(Dataset entries)

*****

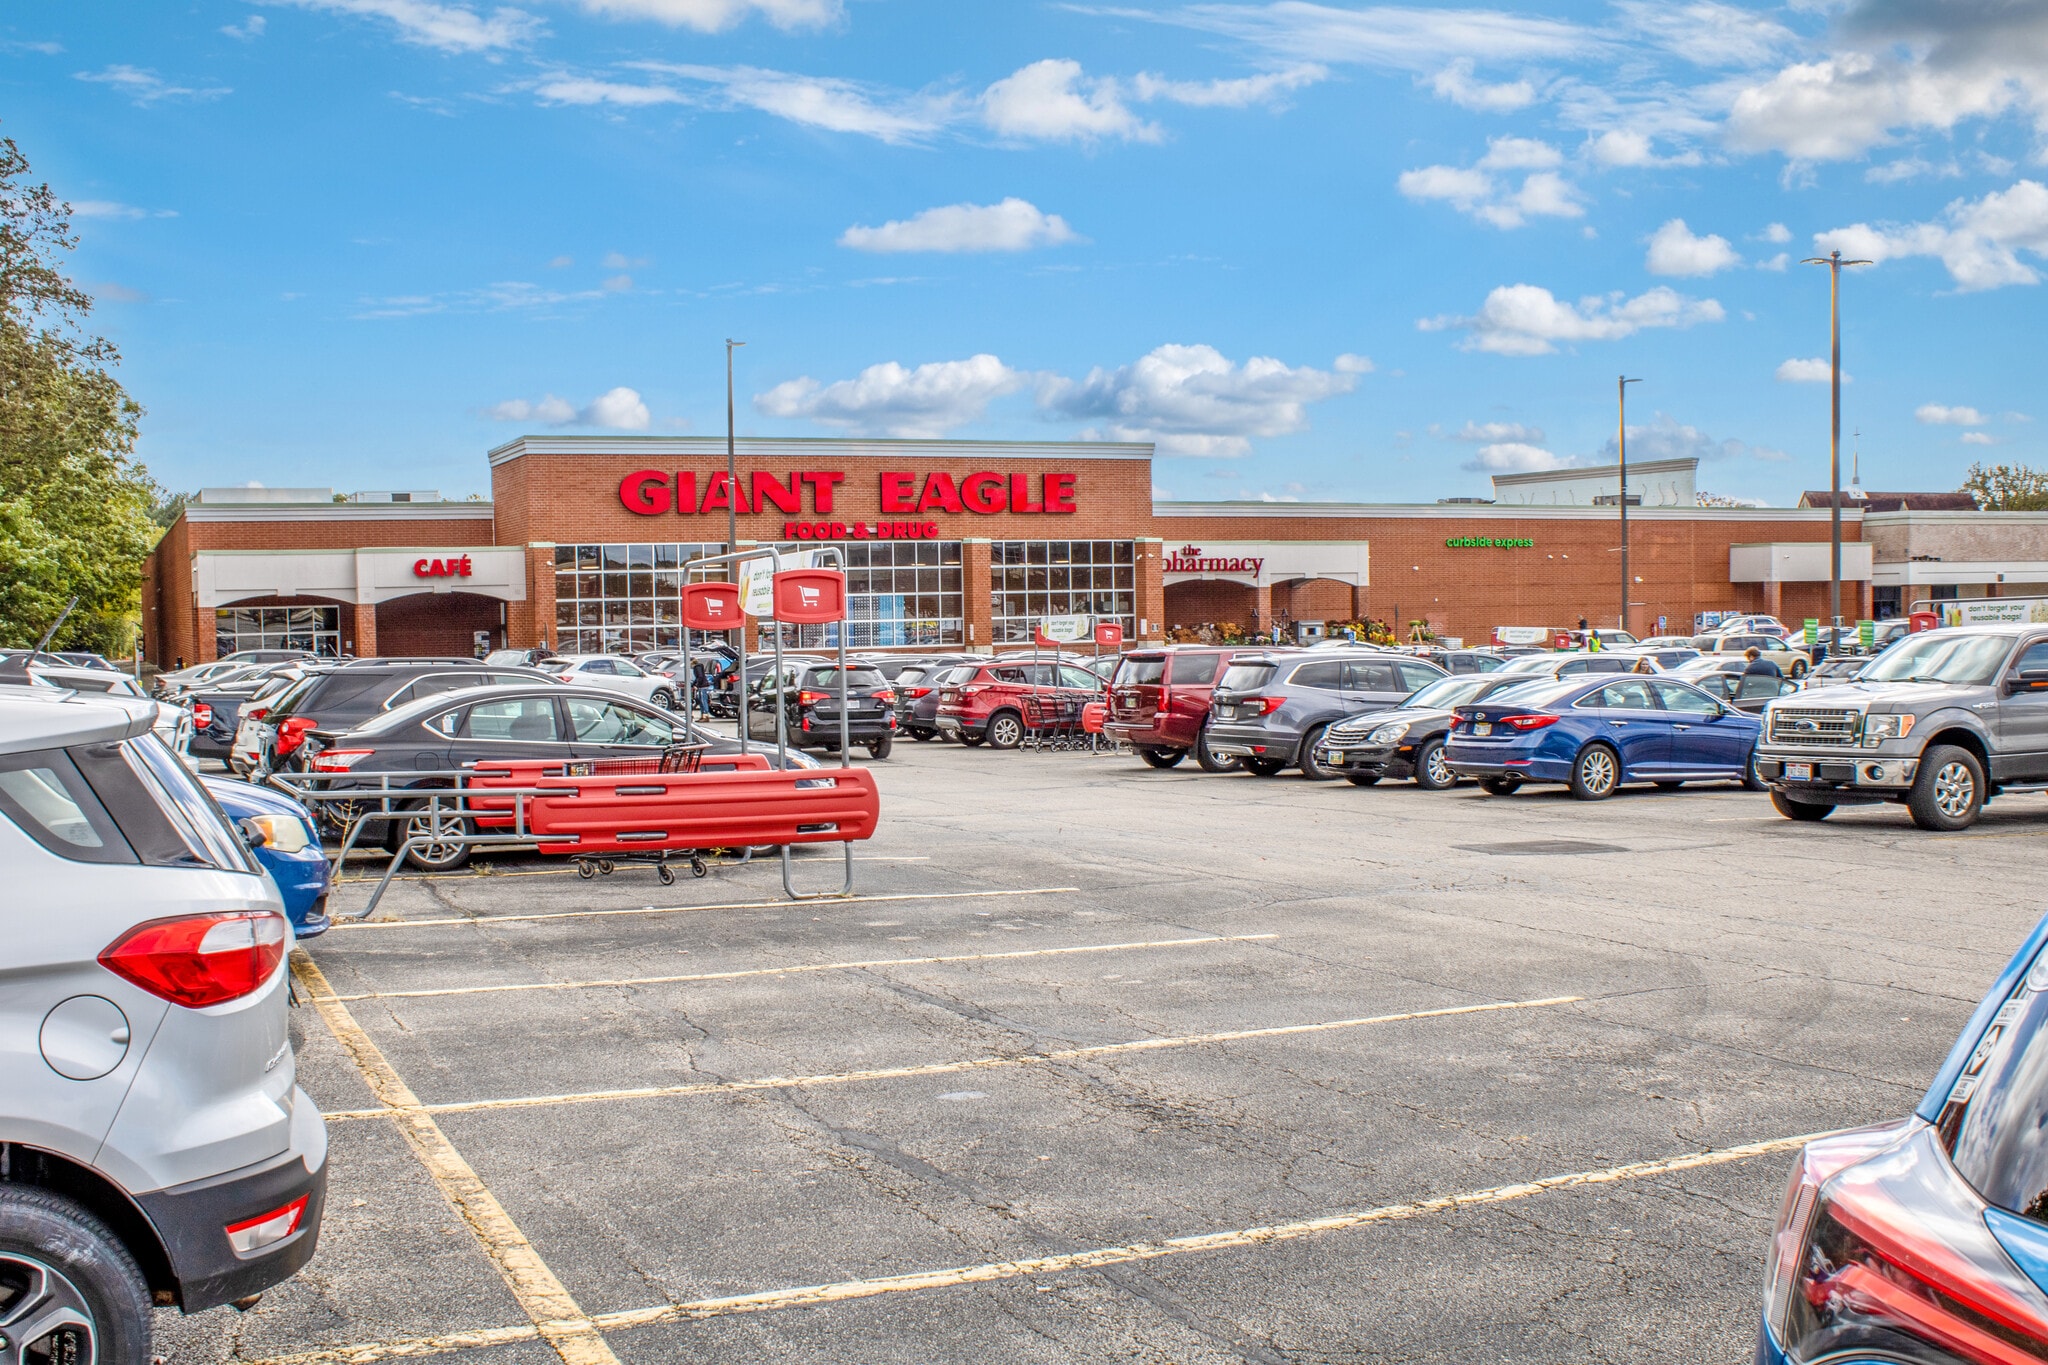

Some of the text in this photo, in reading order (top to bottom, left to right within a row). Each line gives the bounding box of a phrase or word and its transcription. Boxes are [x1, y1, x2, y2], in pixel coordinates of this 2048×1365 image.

[618, 469, 1078, 515] GIANT EAGLE
[785, 521, 939, 540] FOOD & DRUG
[1181, 544, 1202, 556] the
[1446, 535, 1534, 550] curbside express
[413, 553, 472, 578] CAFÉ
[1987, 605, 2008, 613] forget
[1970, 613, 2022, 622] reusable bags!

*****

Task directions – Return each record as written, minus its images.

Response to the task –
Some of the text in this photo, in reading order (top to bottom, left to right within a row). Each line gives the bounding box of a phrase or word and its transcription. Boxes are [x1, y1, x2, y2], in pixel coordinates of this 2048×1365 image.

[618, 469, 1078, 515] GIANT EAGLE
[785, 521, 939, 540] FOOD & DRUG
[1181, 544, 1202, 556] the
[1446, 535, 1534, 550] curbside express
[413, 553, 472, 578] CAFÉ
[1987, 605, 2008, 613] forget
[1970, 613, 2022, 622] reusable bags!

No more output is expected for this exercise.